In István Széchenyi’s work, Credit, he raises the idea of the abolition of antiquity and the elimination of robotic systems, because he realized that the agriculture wouldn’t develop and the land sales wouldn’t grow, if they keep these restrictions, because the people can’t get credit to their lands (the book received its name from that).

The Reform Diets 
1825–27

After many years, a Diet was convened in Pozsony in 1825. The reason why it was convened is that there were some international problems in 1820. The king, Francis I promised to return to the feudal constitution, but in exchange the nobility had to increase the tax and rookie headcount.

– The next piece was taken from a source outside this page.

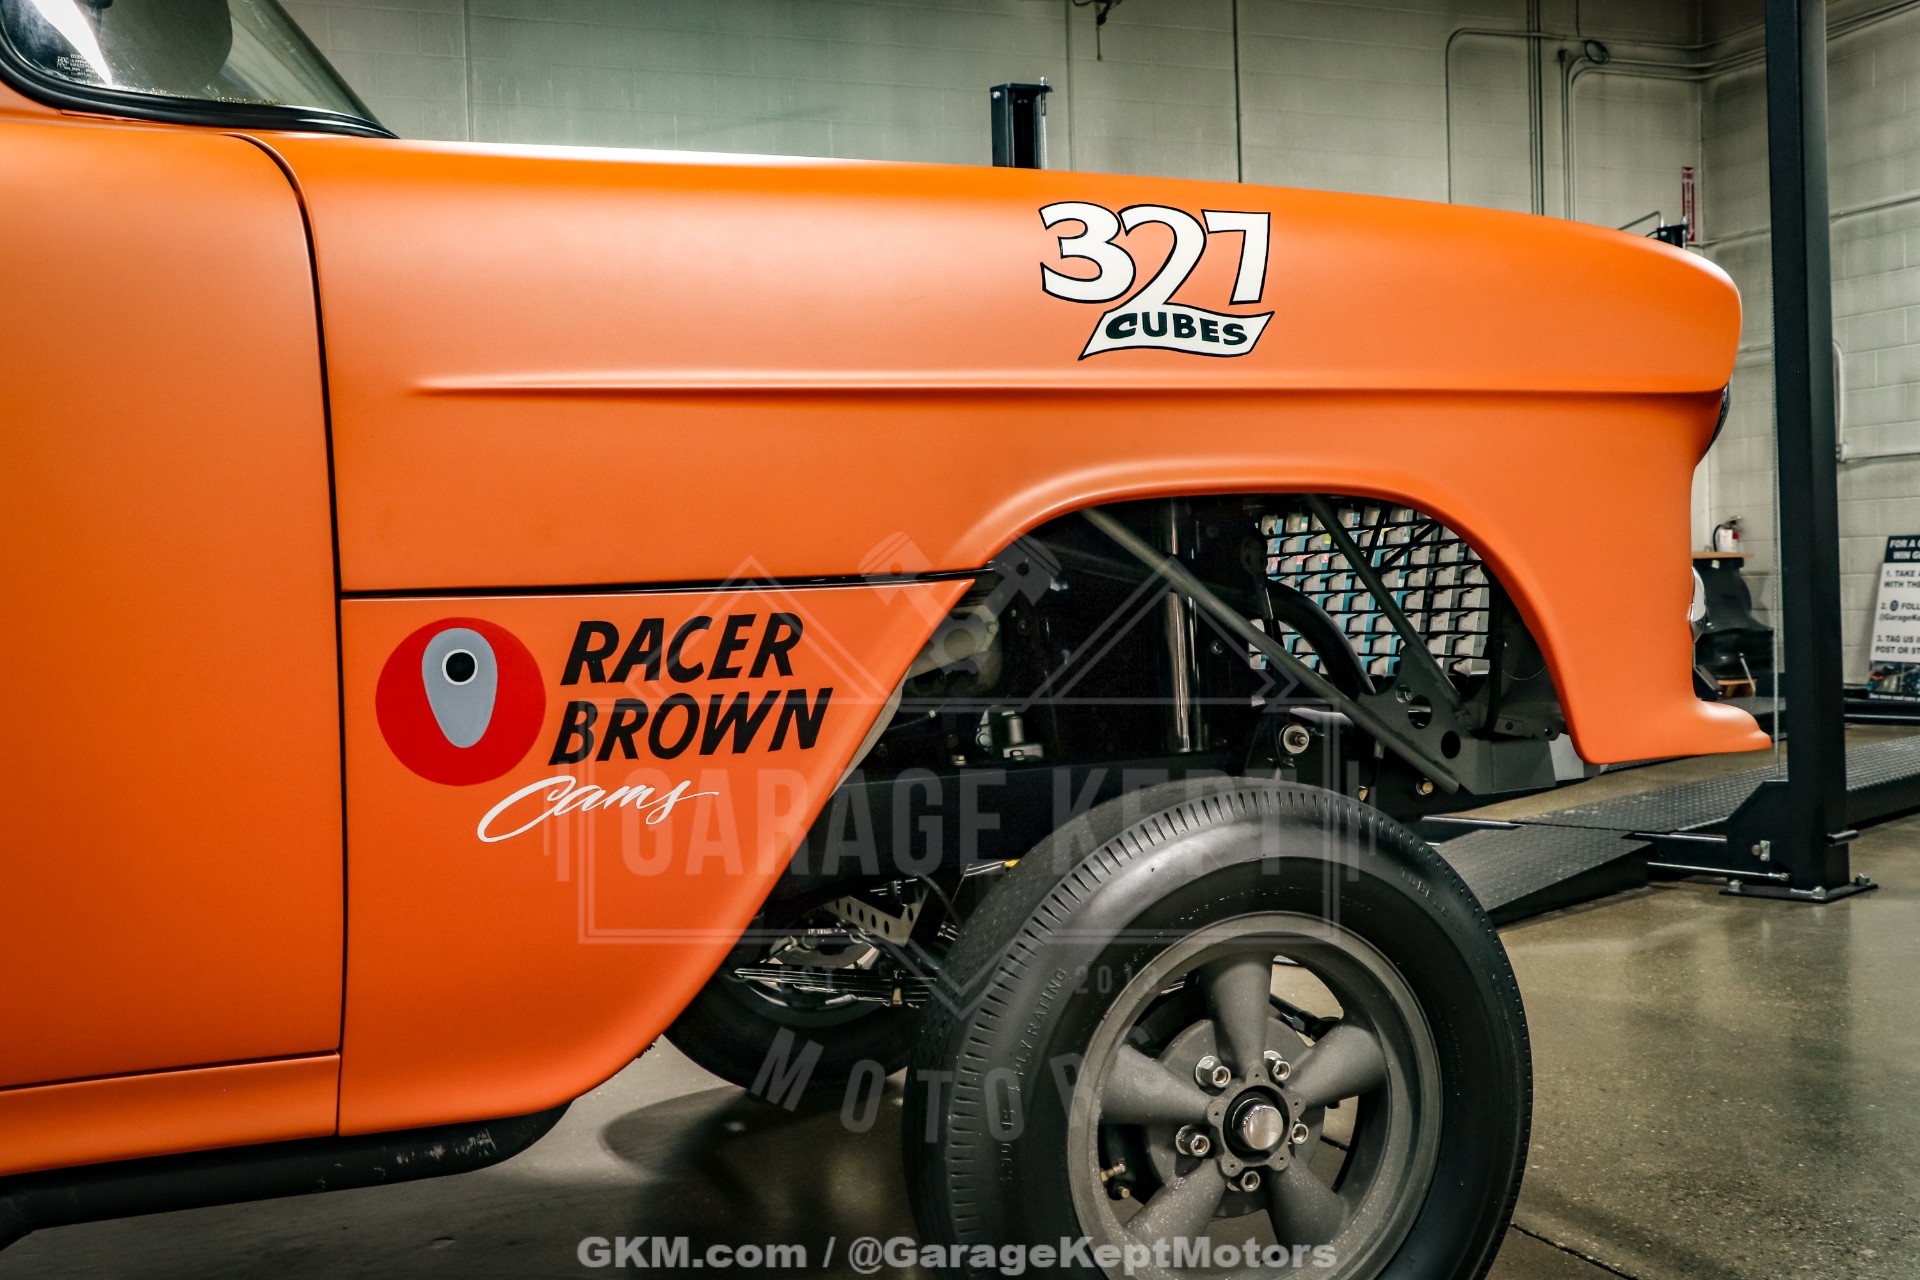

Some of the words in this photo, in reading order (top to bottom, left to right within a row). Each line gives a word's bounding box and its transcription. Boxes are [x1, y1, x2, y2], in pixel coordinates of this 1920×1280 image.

This diet weren’t a Reform Diet, but this was the first one in which some progress were made: they had to convene the parliament/diet every 3 years and István Széchenyi offered his annual income to establish a Hungarian Academy of Sciences.

1832–36

Antecedents: cholera outbreak in 1831->serf uprising in Upper Hungary

The diet’s lower house accepted the serfs voluntary redemption (the serfs had to pay to their landlords after their services, so they could be free) but the monarch rejected that

Also: new monarch: Ferdinand I of Austria (1835–48)

1839–40

The introduction of the voluntary redemption (no results, the serf’s didn’t have enough money, only 1% of the serfs could free themselves)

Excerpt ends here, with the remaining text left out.